I don't think this is necessary. Could you tell me when this happens? Your "fix" is just pretending that the error doesn't exists and returning true in each case.

And btw, keep the existing code style when sending PRs, makes everyone a little happier.

This is the root problem of imagemin/optipng-bin#44.

optipng ships with binaries, but they're not being used because they're in the wrong place (will send a PR for that later) and bin-wrapper could die even if they were.

How are they in the wrong place? This only happens on Windows so it's nothing wrong with this module but rather something Windows specific. I never had any problems installing on Windows though.

You can have a look at https://ci.appveyor.com/project/ShinnosukeWatanabe/imagemin-optipng too. optipng installs fine.

I suggest running the tests to see what's going on. The tests fail without this change if a binary already exists in the location specified by dest() and src().

Your "fix" is just pretending that the error doesn't exists and returning true in each case.

No, it's not. The check still occurs when it needs to. The line:

return file.path.indexOf(which.sync(bin)) === -1;

... checks if the binary exists and is in the same path as the file being inspected. It returns true if the paths are not the same. Which throws if the binary isn't found. If the binary isn't found, it's not going to have the same path as the file being inspected, so it needs to return true.

And btw, keep the existing code style when sending PRs, makes everyone a little happier.

What styles need adjusted? Happy to rebase if you can be more specific.
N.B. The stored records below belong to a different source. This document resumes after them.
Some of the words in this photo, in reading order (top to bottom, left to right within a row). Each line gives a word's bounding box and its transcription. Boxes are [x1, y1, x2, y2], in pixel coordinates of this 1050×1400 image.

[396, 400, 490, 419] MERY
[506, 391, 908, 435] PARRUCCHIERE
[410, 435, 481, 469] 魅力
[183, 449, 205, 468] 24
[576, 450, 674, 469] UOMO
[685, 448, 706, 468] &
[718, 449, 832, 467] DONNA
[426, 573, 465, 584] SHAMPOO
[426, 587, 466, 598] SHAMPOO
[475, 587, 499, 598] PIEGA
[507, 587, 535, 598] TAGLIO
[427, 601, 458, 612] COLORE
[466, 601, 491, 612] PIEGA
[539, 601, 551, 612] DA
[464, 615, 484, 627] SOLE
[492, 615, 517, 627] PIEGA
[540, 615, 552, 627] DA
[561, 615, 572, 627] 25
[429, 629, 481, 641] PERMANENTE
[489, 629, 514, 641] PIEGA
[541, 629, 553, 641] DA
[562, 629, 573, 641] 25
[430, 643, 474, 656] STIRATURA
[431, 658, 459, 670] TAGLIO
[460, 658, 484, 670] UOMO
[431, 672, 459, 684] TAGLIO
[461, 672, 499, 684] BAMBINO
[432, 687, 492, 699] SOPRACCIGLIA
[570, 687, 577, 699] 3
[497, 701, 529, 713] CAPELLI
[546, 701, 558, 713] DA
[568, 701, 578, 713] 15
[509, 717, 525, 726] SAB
How are they in the wrong place?

Because the dest path isn't distinguished by platform when called. Look in the vendor directory and you'll see a optipng sitting at the root because it is always downloaded instead of using the bundled ones.
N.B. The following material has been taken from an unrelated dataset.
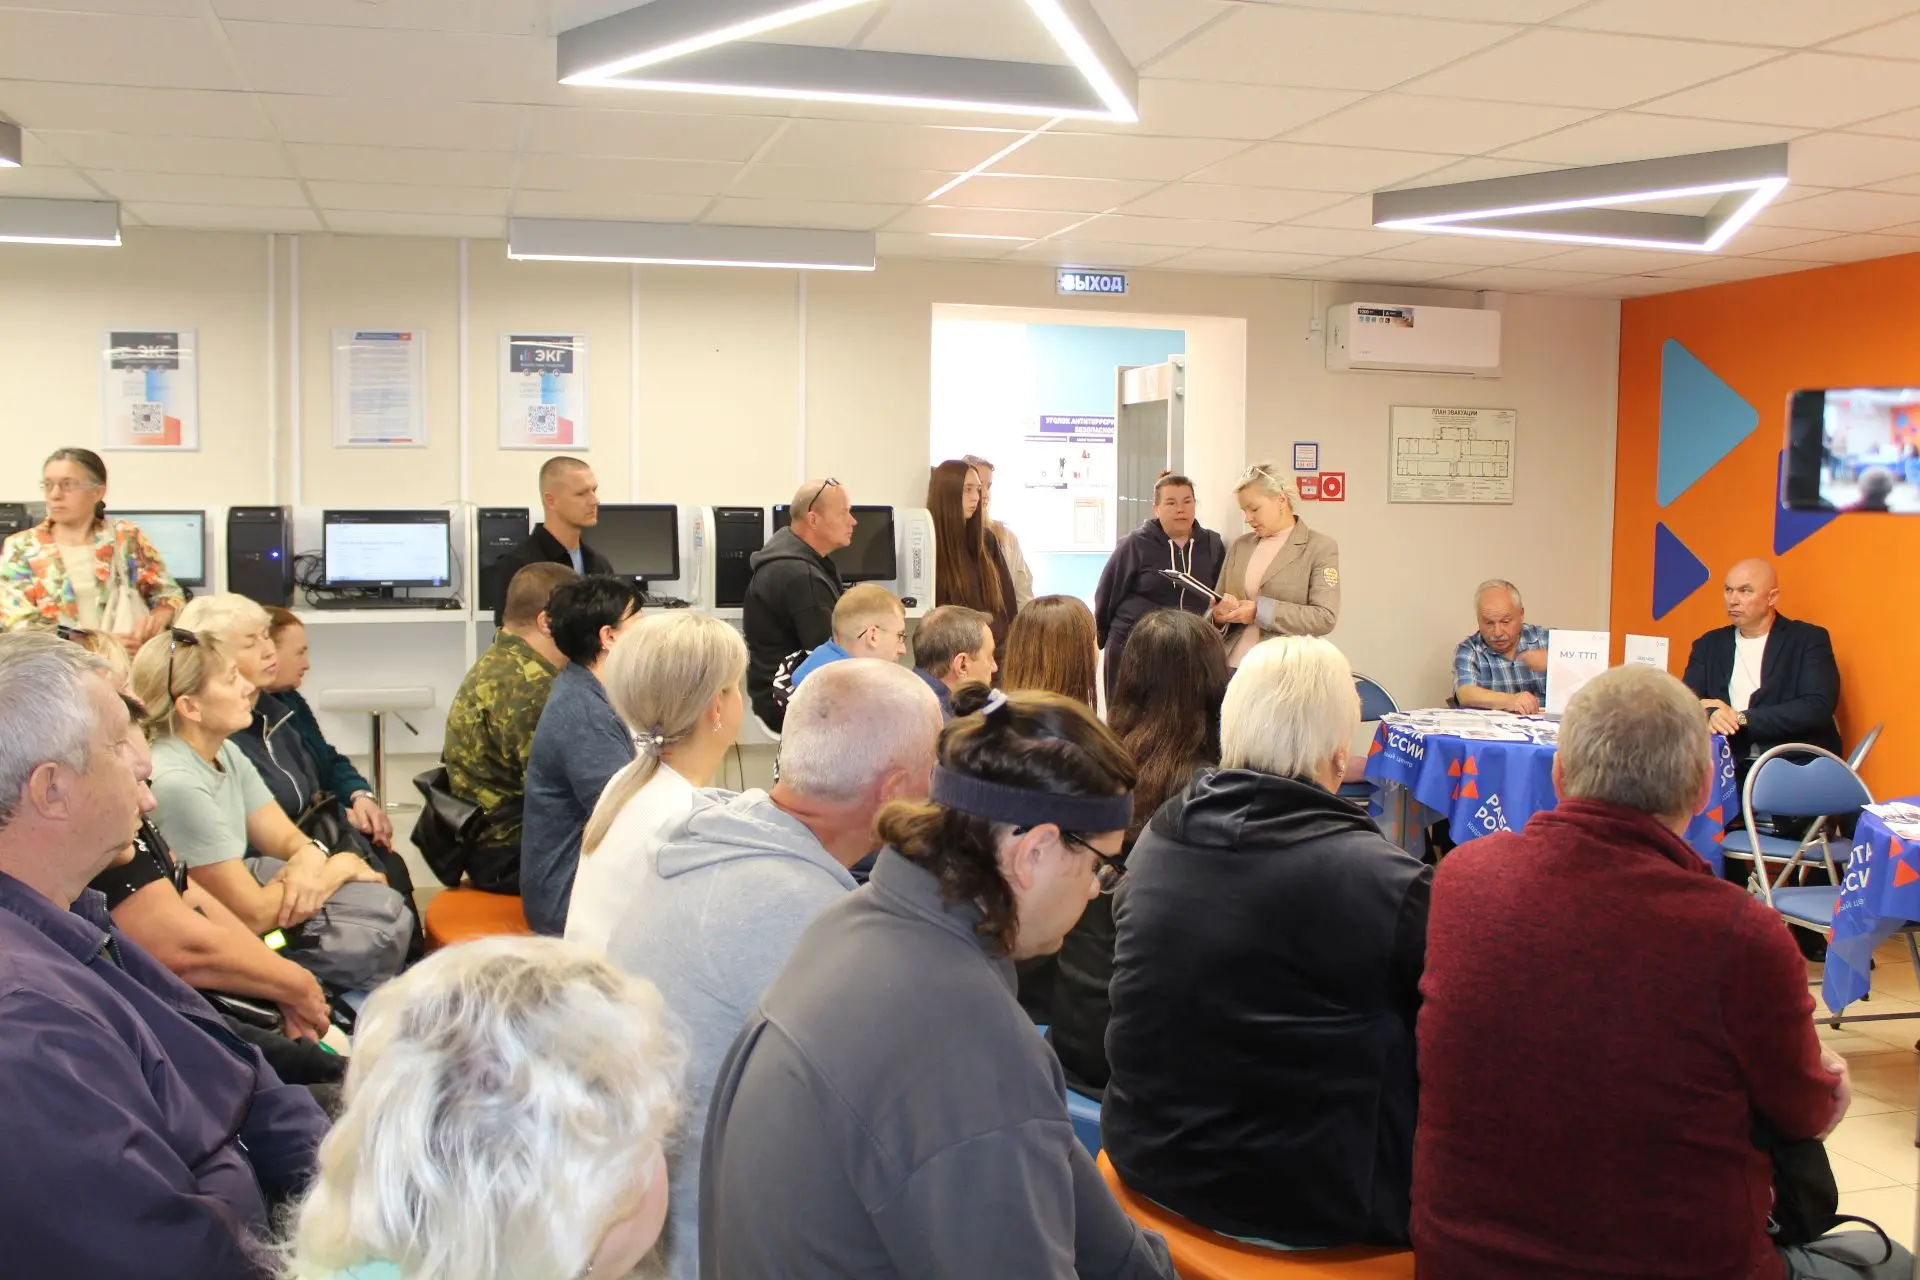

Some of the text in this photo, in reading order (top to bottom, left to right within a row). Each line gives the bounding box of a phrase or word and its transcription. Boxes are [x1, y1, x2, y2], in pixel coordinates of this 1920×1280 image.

You're right. It does produce an error. I'm going to include the try catch.

... checks if the binary exists and is in the same path as the file being inspected. It returns true if the paths are not the same.

Well, not quite. It checks if the files path is in a npm installed directory using https://github.com/timoxley/npm-which.
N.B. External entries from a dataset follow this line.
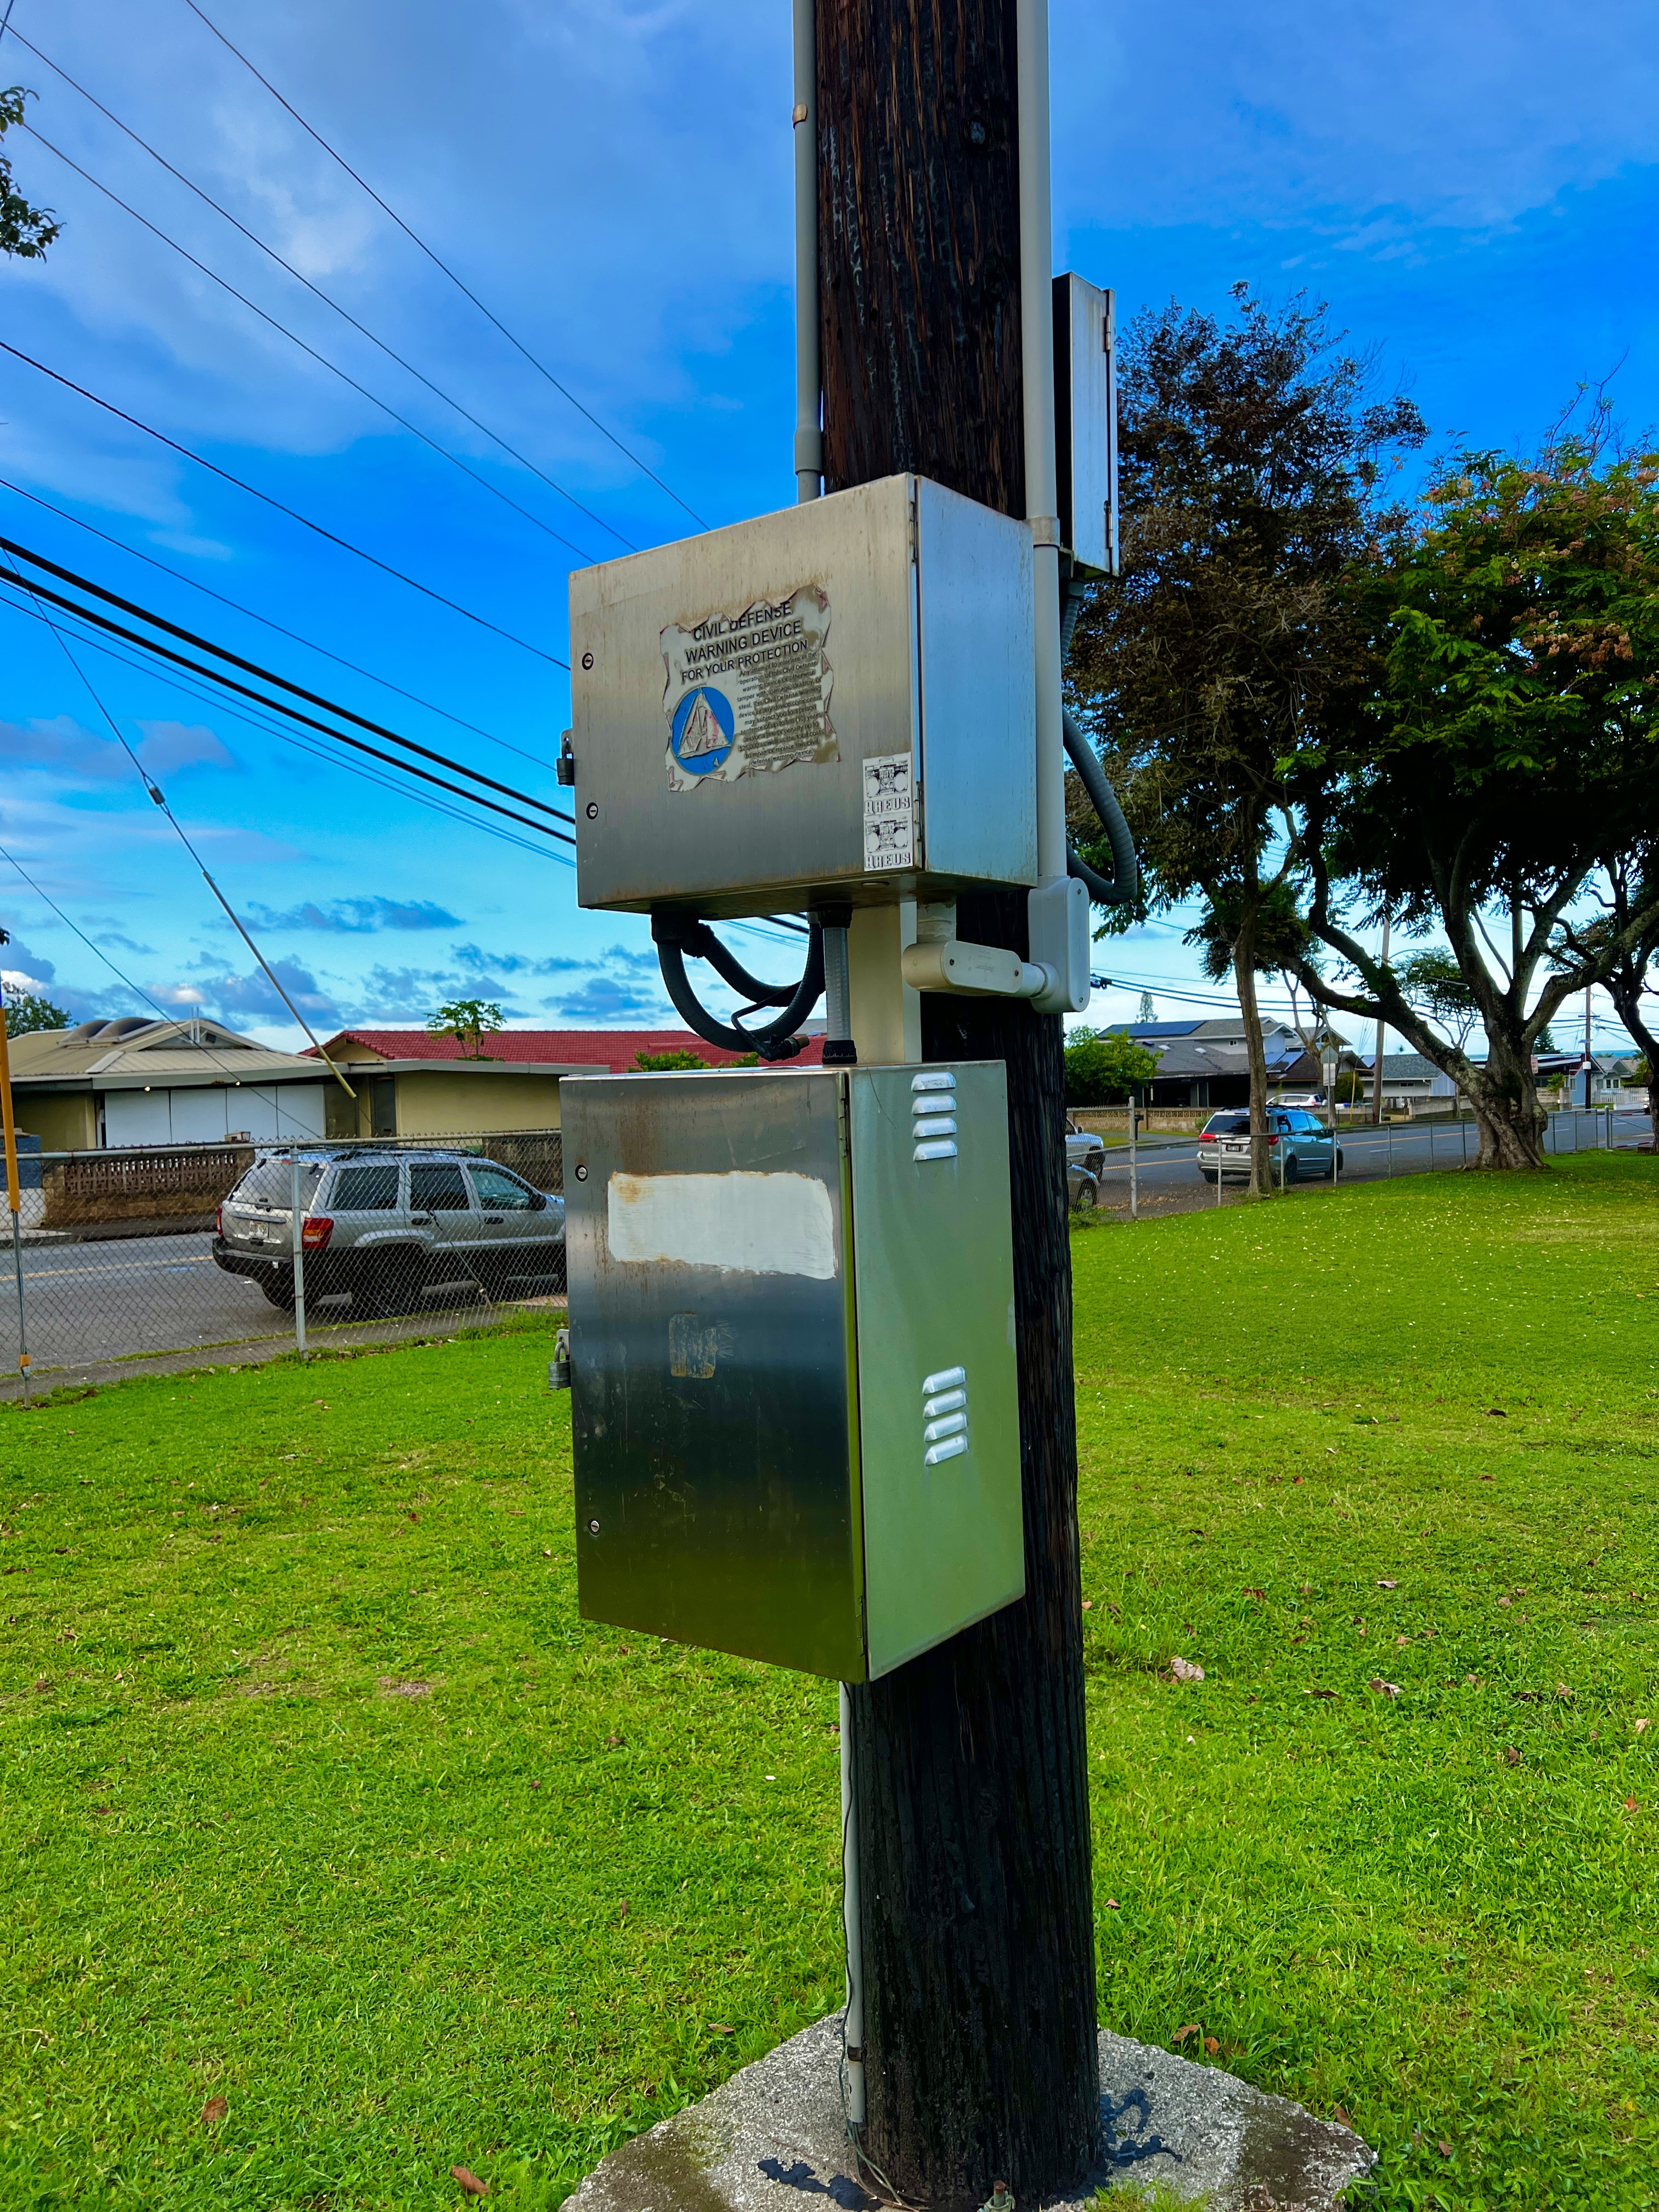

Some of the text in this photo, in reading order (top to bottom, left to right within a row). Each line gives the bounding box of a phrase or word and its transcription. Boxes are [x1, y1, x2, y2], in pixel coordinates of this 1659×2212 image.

[693, 601, 792, 641] CIVIL DEFENSE
[686, 620, 802, 662] WARNING DEVICE
[682, 639, 808, 682] FOR YOUR PROTECTION
[751, 664, 770, 673] attempt
[778, 657, 800, 665] interfere
[740, 675, 764, 685] operation
[796, 661, 817, 670] Defense
[743, 683, 763, 692] warning
[789, 670, 815, 680] otherwise
[737, 693, 754, 702] tamper
[792, 695, 822, 706] component
[799, 704, 816, 714] prison
[741, 726, 763, 735] sentence
[785, 725, 803, 735] penalty
[772, 752, 794, 761] warning
Because the dest path isn't distinguished by platform when called. Look in the vendor directory and you'll see a optipng sitting at the root because it is always downloaded instead of using the bundled ones.

It's downloading the one for your system into the vendor root. The binaries aren't actually shipped with npm.

Thanks for finding this!

Thanks for finding this!

You're welcome!

It's downloading the one for your system into the vendor root. The binaries aren't actually shipped with npm.

Right, but they're shipped with opipng: https://github.com/imagemin/optipng-bin/tree/master/vendor

Yeah, they are downloaded from the github repo (see this). We don't want to include all binaries when installing from npm because it'll take more time.

👍

I was looking at the full clone.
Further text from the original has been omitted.